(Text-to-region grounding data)
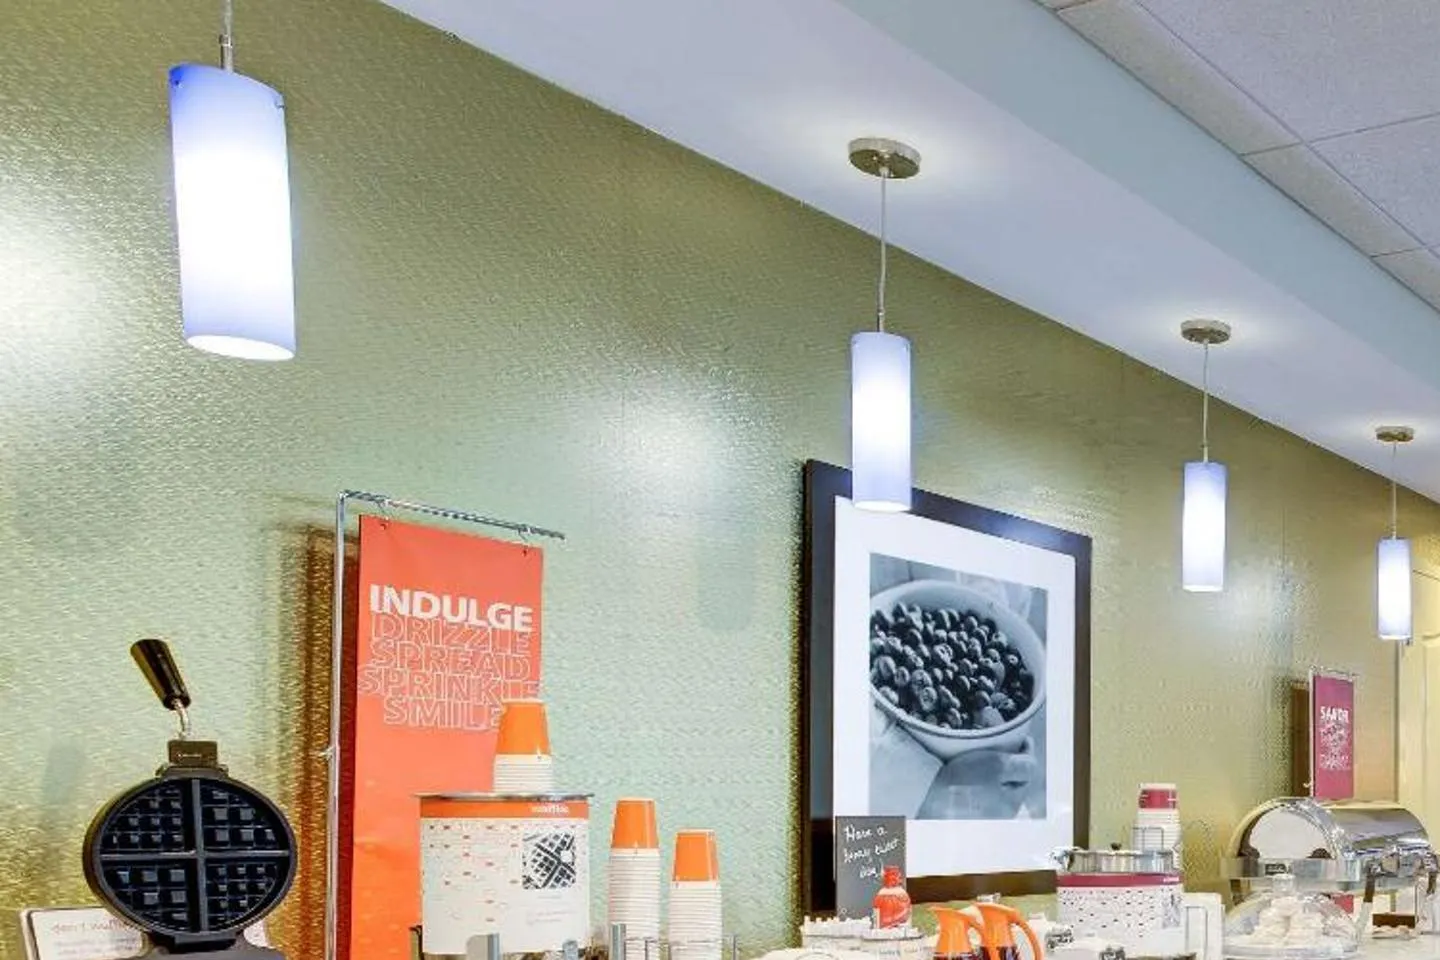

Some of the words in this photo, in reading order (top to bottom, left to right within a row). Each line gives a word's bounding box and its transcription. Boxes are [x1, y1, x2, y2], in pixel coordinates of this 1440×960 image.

[369, 583, 533, 632] INDULGE
[371, 614, 533, 657] DRIZZLE
[369, 637, 532, 682] SPREAD
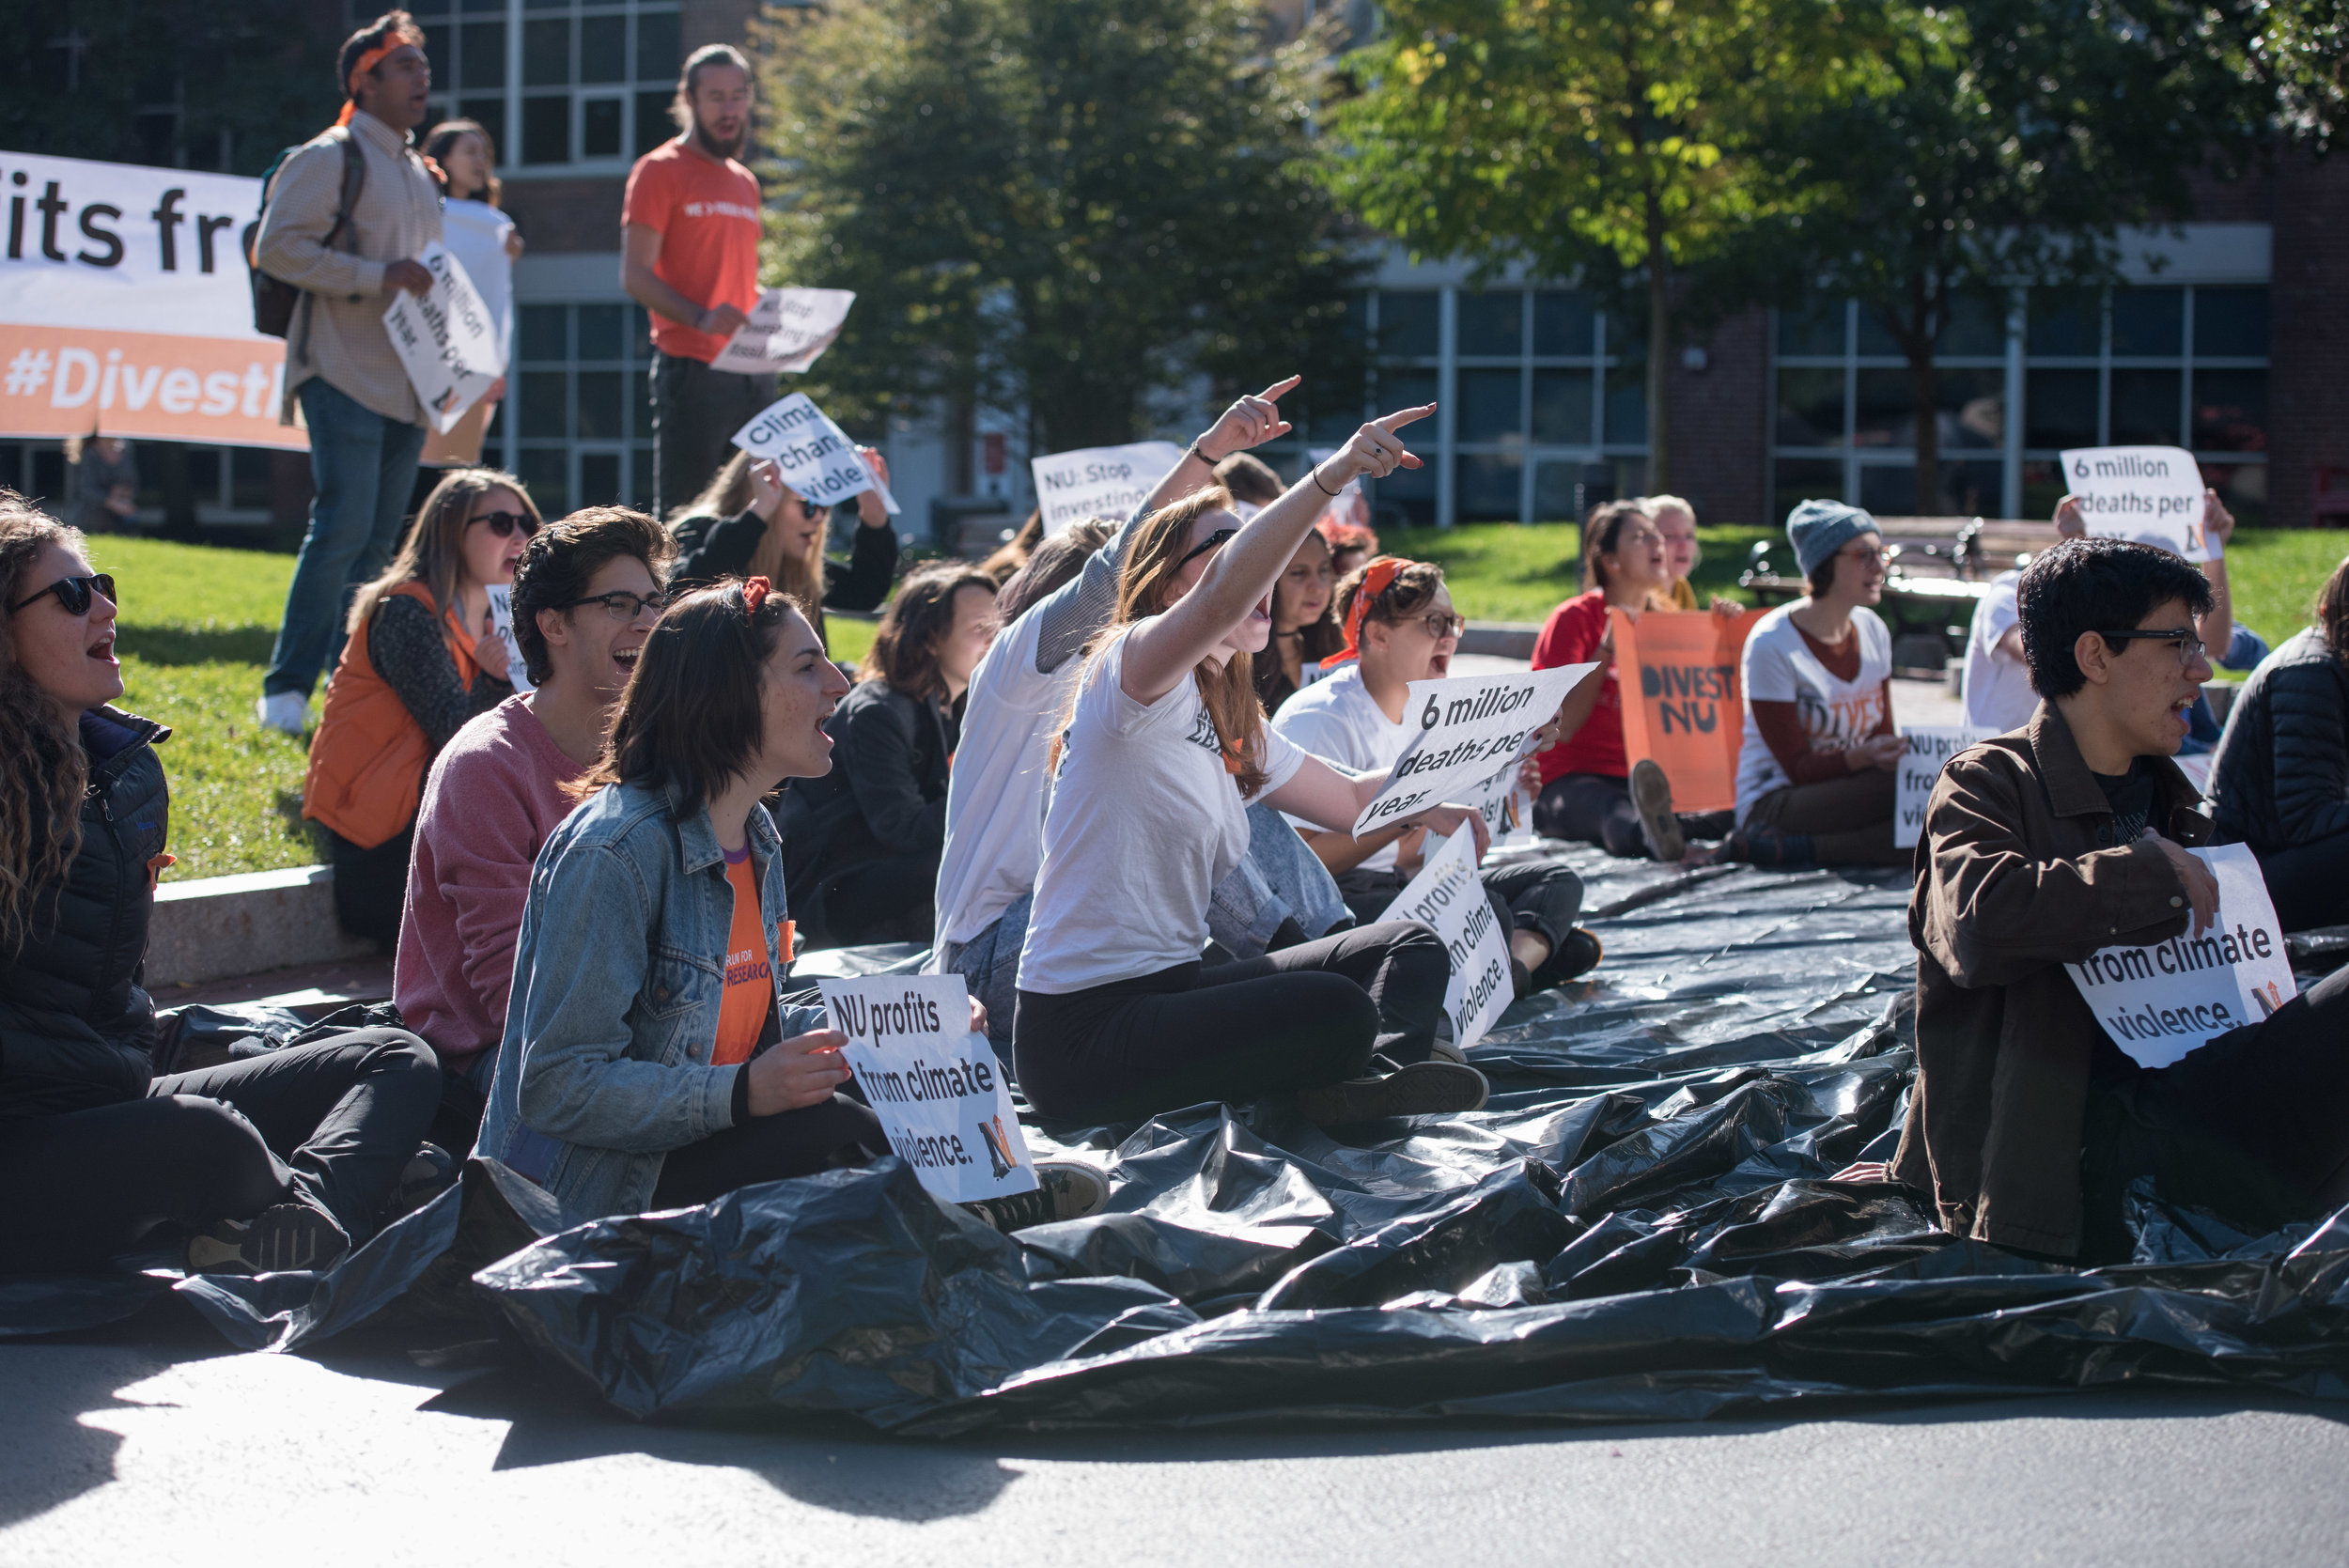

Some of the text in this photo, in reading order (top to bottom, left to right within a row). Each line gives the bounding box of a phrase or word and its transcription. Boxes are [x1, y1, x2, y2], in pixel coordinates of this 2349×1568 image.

[0, 169, 233, 273] its fr
[416, 292, 450, 348] eaths
[4, 347, 287, 419] #Divest
[749, 403, 819, 444] Clima
[780, 434, 843, 470] chan
[1085, 461, 1132, 483] Stop
[2075, 456, 2170, 478] 6 million
[801, 467, 863, 500] viole
[2158, 496, 2194, 518] per
[1641, 665, 1735, 701] DIVEST
[1421, 685, 1535, 730] 6 million
[1658, 702, 1718, 735] NU
[1396, 725, 1536, 779] deaths per
[1906, 769, 1936, 791] fro
[1357, 789, 1432, 830] year.
[1463, 897, 1492, 950] clima
[725, 949, 754, 967] RUN FOR
[2156, 924, 2272, 975] climate
[1455, 957, 1504, 1036] violence.
[832, 991, 940, 1048] NU profits
[2107, 1001, 2245, 1041] violence.
[857, 1057, 994, 1103] from climate
[891, 1126, 973, 1168] violence.
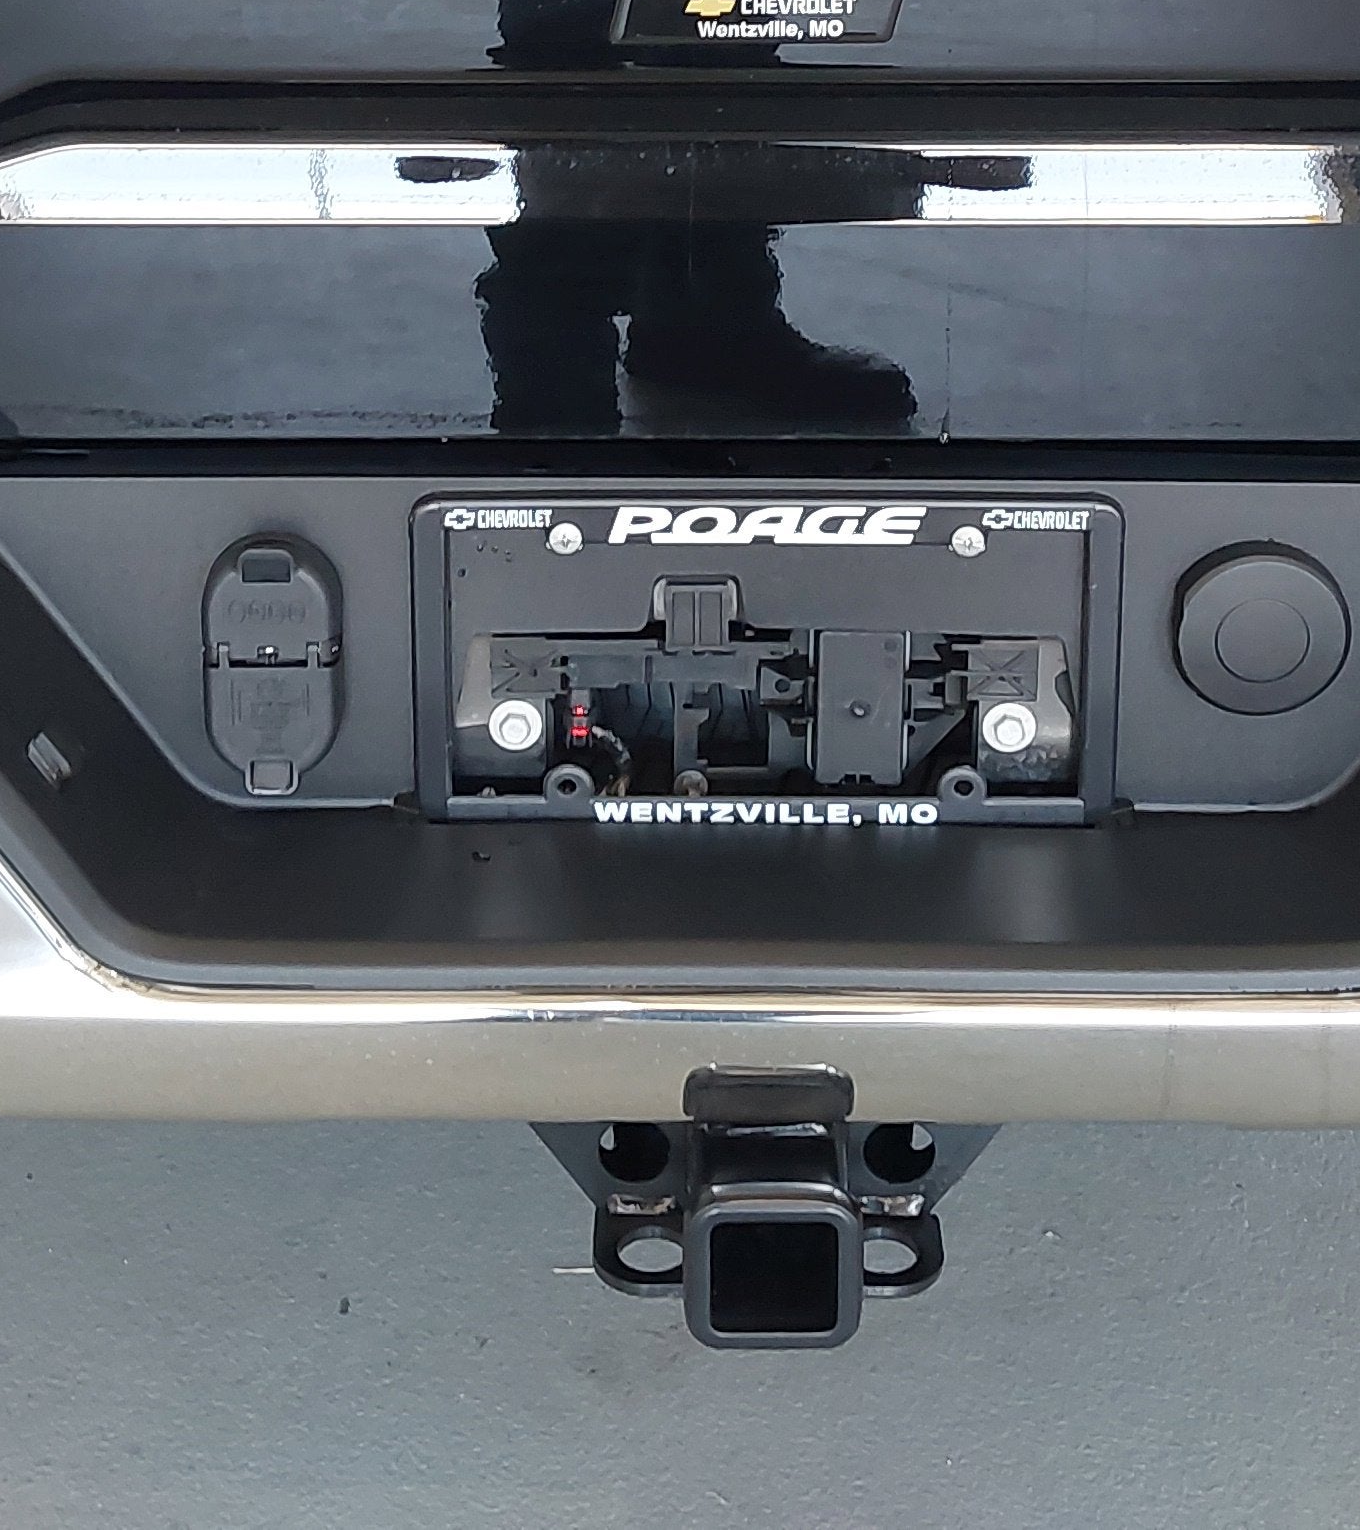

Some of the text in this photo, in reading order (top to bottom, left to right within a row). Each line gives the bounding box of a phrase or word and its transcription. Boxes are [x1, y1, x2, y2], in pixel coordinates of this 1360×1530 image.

[697, 19, 844, 40] Wentzville, MO
[477, 509, 552, 529] CHEVROLET
[607, 505, 928, 545] POAGE
[1013, 510, 1090, 530] CHEVROLET
[593, 801, 939, 826] WENTZVILLE, MO

TASK REQUIREMENTS
From the line that contains "this 2349×1568 image." to the last line of the data, print each line exactly, both ends included, and omit the pictures.

SOLVED EXERCISE
Some of the text in this photo, in reading order (top to bottom, left to right within a row). Each line gives the bounding box of a phrase or word and its transcription. Boxes are [x1, y1, x2, y2], in pixel coordinates of this 2349×1568 image.

[0, 169, 233, 273] its fr
[416, 292, 450, 348] eaths
[4, 347, 287, 419] #Divest
[749, 403, 819, 444] Clima
[780, 434, 843, 470] chan
[1085, 461, 1132, 483] Stop
[2075, 456, 2170, 478] 6 million
[801, 467, 863, 500] viole
[2158, 496, 2194, 518] per
[1641, 665, 1735, 701] DIVEST
[1421, 685, 1535, 730] 6 million
[1658, 702, 1718, 735] NU
[1396, 725, 1536, 779] deaths per
[1906, 769, 1936, 791] fro
[1357, 789, 1432, 830] year.
[1463, 897, 1492, 950] clima
[725, 949, 754, 967] RUN FOR
[2156, 924, 2272, 975] climate
[1455, 957, 1504, 1036] violence.
[832, 991, 940, 1048] NU profits
[2107, 1001, 2245, 1041] violence.
[857, 1057, 994, 1103] from climate
[891, 1126, 973, 1168] violence.

Some of the text in this photo, in reading order (top to bottom, left to right within a row). Each line gives the bounding box of a phrase or word and its transcription. Boxes are [x1, y1, x2, y2], in pixel coordinates of this 1360×1530 image.

[697, 19, 844, 40] Wentzville, MO
[477, 509, 552, 529] CHEVROLET
[607, 505, 928, 545] POAGE
[1013, 510, 1090, 530] CHEVROLET
[593, 801, 939, 826] WENTZVILLE, MO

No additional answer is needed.